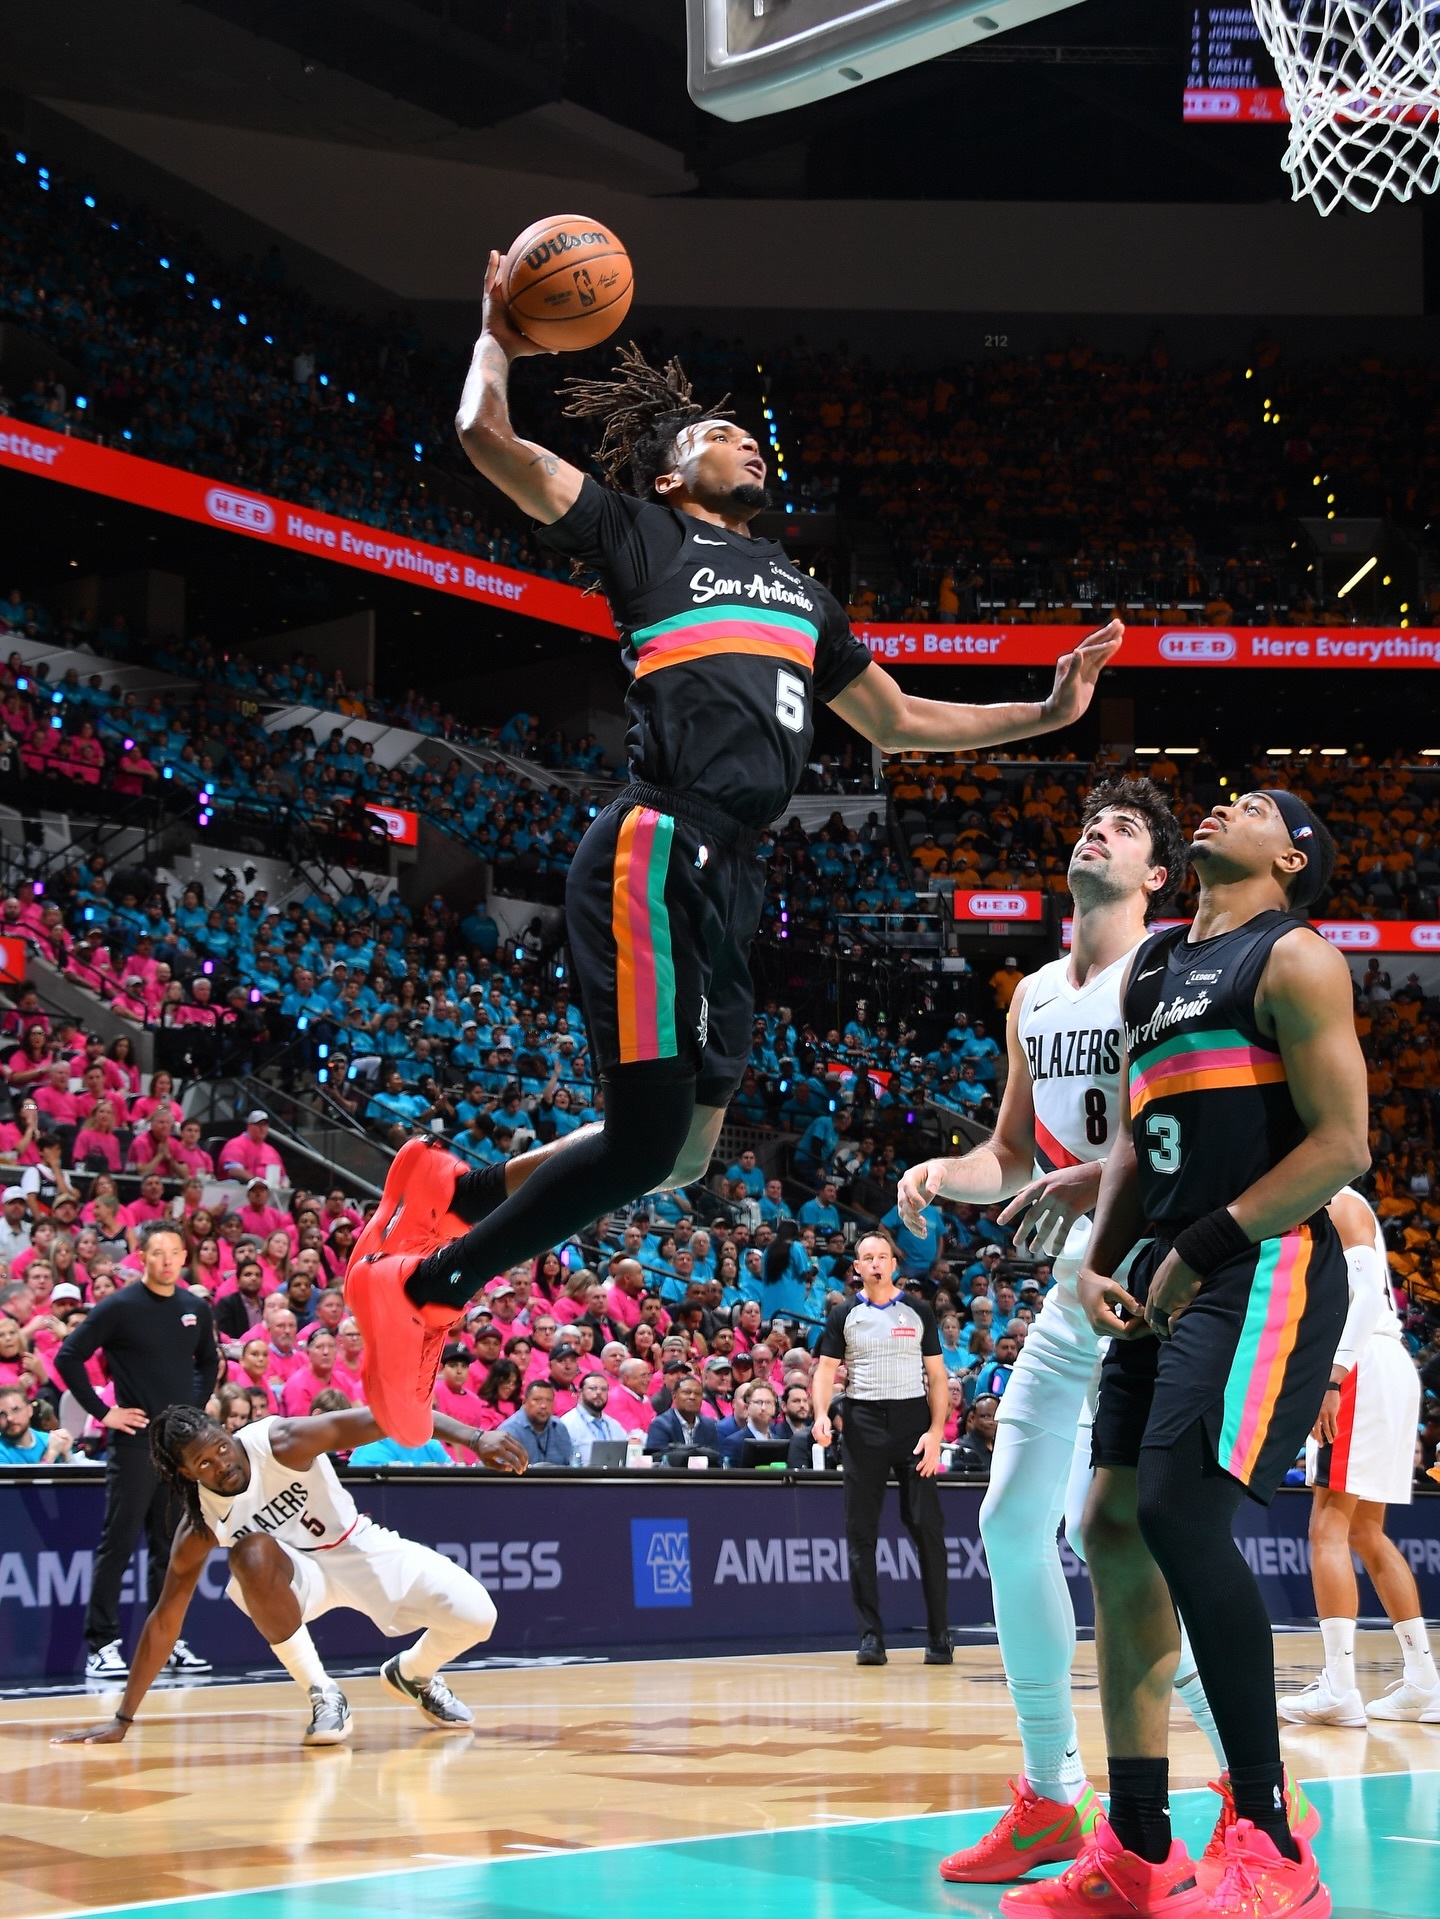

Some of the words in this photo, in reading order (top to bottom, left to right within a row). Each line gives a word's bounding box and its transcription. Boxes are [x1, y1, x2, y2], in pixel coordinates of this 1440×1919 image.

[1208, 26, 1261, 39] JOHNSO
[523, 232, 609, 270] Wilson
[984, 335, 1008, 347] 212
[287, 515, 335, 547] Here
[341, 531, 459, 584] Everything's
[464, 567, 523, 600] Better
[690, 567, 742, 603] San
[744, 574, 814, 612] Antonio
[923, 634, 1000, 653] Better
[1252, 637, 1309, 656] Here
[775, 668, 805, 733] 5
[1190, 973, 1217, 981] LEDGER
[1141, 990, 1213, 1041] Antonio
[1025, 1029, 1121, 1081] BLAZERS
[1084, 1088, 1108, 1145] 8
[1146, 1113, 1182, 1175] 3
[300, 1510, 326, 1538] 5
[646, 1532, 690, 1566] AM
[713, 1538, 922, 1584] AMERIAN
[653, 1563, 692, 1594] EX
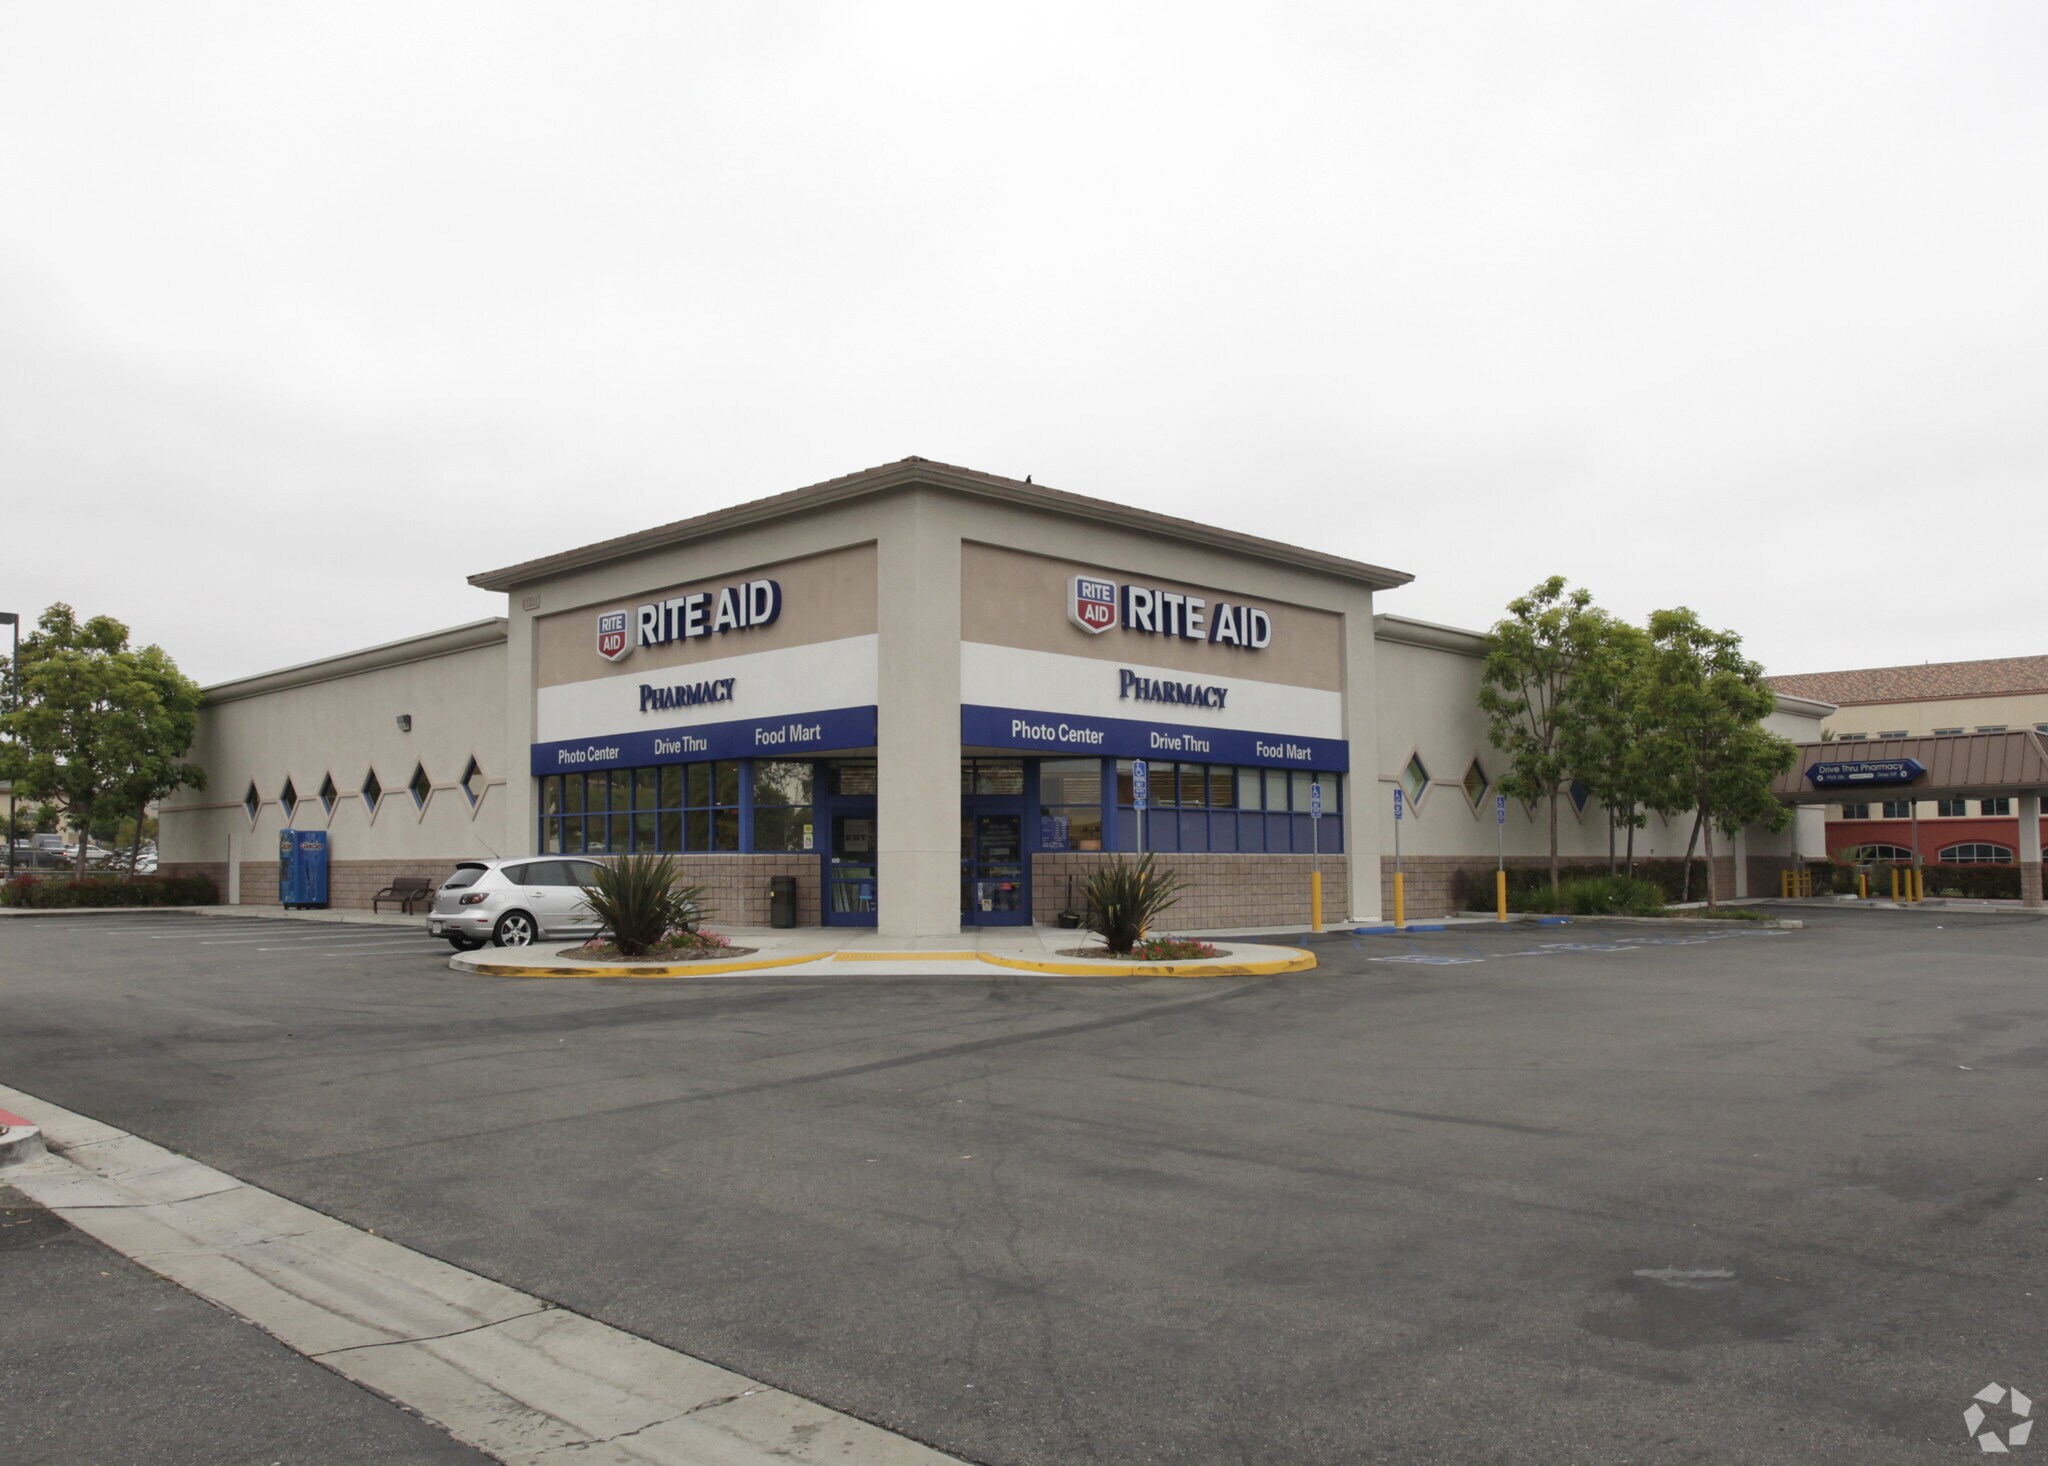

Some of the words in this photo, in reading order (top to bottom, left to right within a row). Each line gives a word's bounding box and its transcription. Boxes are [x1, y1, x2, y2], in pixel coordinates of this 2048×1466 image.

[1082, 581, 1111, 600] RITE
[602, 614, 623, 631] RITE
[637, 593, 710, 646] RITE
[713, 579, 780, 632] AID
[1084, 604, 1109, 622] AID
[1124, 585, 1206, 640] RITE
[1210, 604, 1271, 649] AID
[603, 635, 621, 652] AID
[639, 677, 735, 713] PHARMACY
[1119, 668, 1228, 709] PHARMACY
[755, 725, 786, 746] Food
[790, 723, 821, 743] Mart
[1012, 720, 1055, 741] Photo
[1058, 724, 1104, 745] Center
[1150, 732, 1181, 751] Drive
[1182, 735, 1210, 753] Thru
[558, 750, 586, 765] Photo
[588, 746, 619, 761] Center
[654, 737, 681, 756] Drive
[682, 736, 707, 753] Thru
[1256, 742, 1284, 758] Food
[1287, 744, 1312, 760] Mart
[1819, 766, 1840, 774] Drive
[1861, 763, 1904, 772] Pharmacy
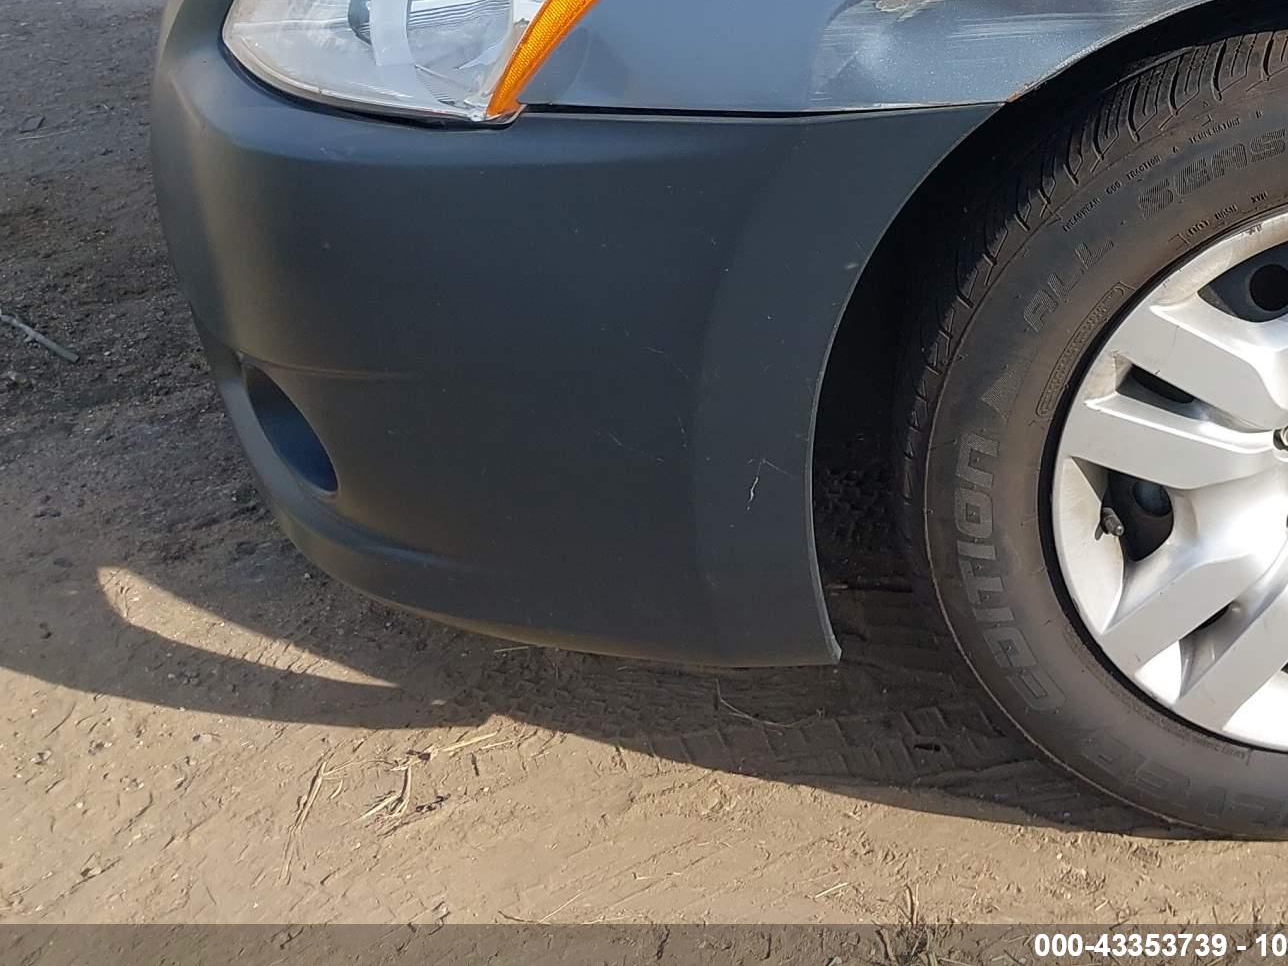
===============
[PROBLEM REQUIREMENTS]
The entries are to be written out again exactly, without their pictures.

[RESPONSE AREA]
Some of the words in this photo, in reading order (top to bottom, left to right within a row). Each line gives a word's bounding box and its transcription. Boxes are [x1, y1, x2, y2], in pixel coordinates of this 1440×1919 image.

[1208, 26, 1261, 39] JOHNSO
[523, 232, 609, 270] Wilson
[984, 335, 1008, 347] 212
[287, 515, 335, 547] Here
[341, 531, 459, 584] Everything's
[464, 567, 523, 600] Better
[690, 567, 742, 603] San
[744, 574, 814, 612] Antonio
[923, 634, 1000, 653] Better
[1252, 637, 1309, 656] Here
[775, 668, 805, 733] 5
[1190, 973, 1217, 981] LEDGER
[1141, 990, 1213, 1041] Antonio
[1025, 1029, 1121, 1081] BLAZERS
[1084, 1088, 1108, 1145] 8
[1146, 1113, 1182, 1175] 3
[300, 1510, 326, 1538] 5
[646, 1532, 690, 1566] AM
[713, 1538, 922, 1584] AMERIAN
[653, 1563, 692, 1594] EX

Some of the words in this photo, in reading order (top to bottom, left to right within a row). Each line gives a word's bounding box and its transcription. Boxes are [x1, y1, x2, y2], in pixel coordinates of this 2048×1466 image.

[1082, 581, 1111, 600] RITE
[602, 614, 623, 631] RITE
[637, 593, 710, 646] RITE
[713, 579, 780, 632] AID
[1084, 604, 1109, 622] AID
[1124, 585, 1206, 640] RITE
[1210, 604, 1271, 649] AID
[603, 635, 621, 652] AID
[639, 677, 735, 713] PHARMACY
[1119, 668, 1228, 709] PHARMACY
[755, 725, 786, 746] Food
[790, 723, 821, 743] Mart
[1012, 720, 1055, 741] Photo
[1058, 724, 1104, 745] Center
[1150, 732, 1181, 751] Drive
[1182, 735, 1210, 753] Thru
[558, 750, 586, 765] Photo
[588, 746, 619, 761] Center
[654, 737, 681, 756] Drive
[682, 736, 707, 753] Thru
[1256, 742, 1284, 758] Food
[1287, 744, 1312, 760] Mart
[1819, 766, 1840, 774] Drive
[1861, 763, 1904, 772] Pharmacy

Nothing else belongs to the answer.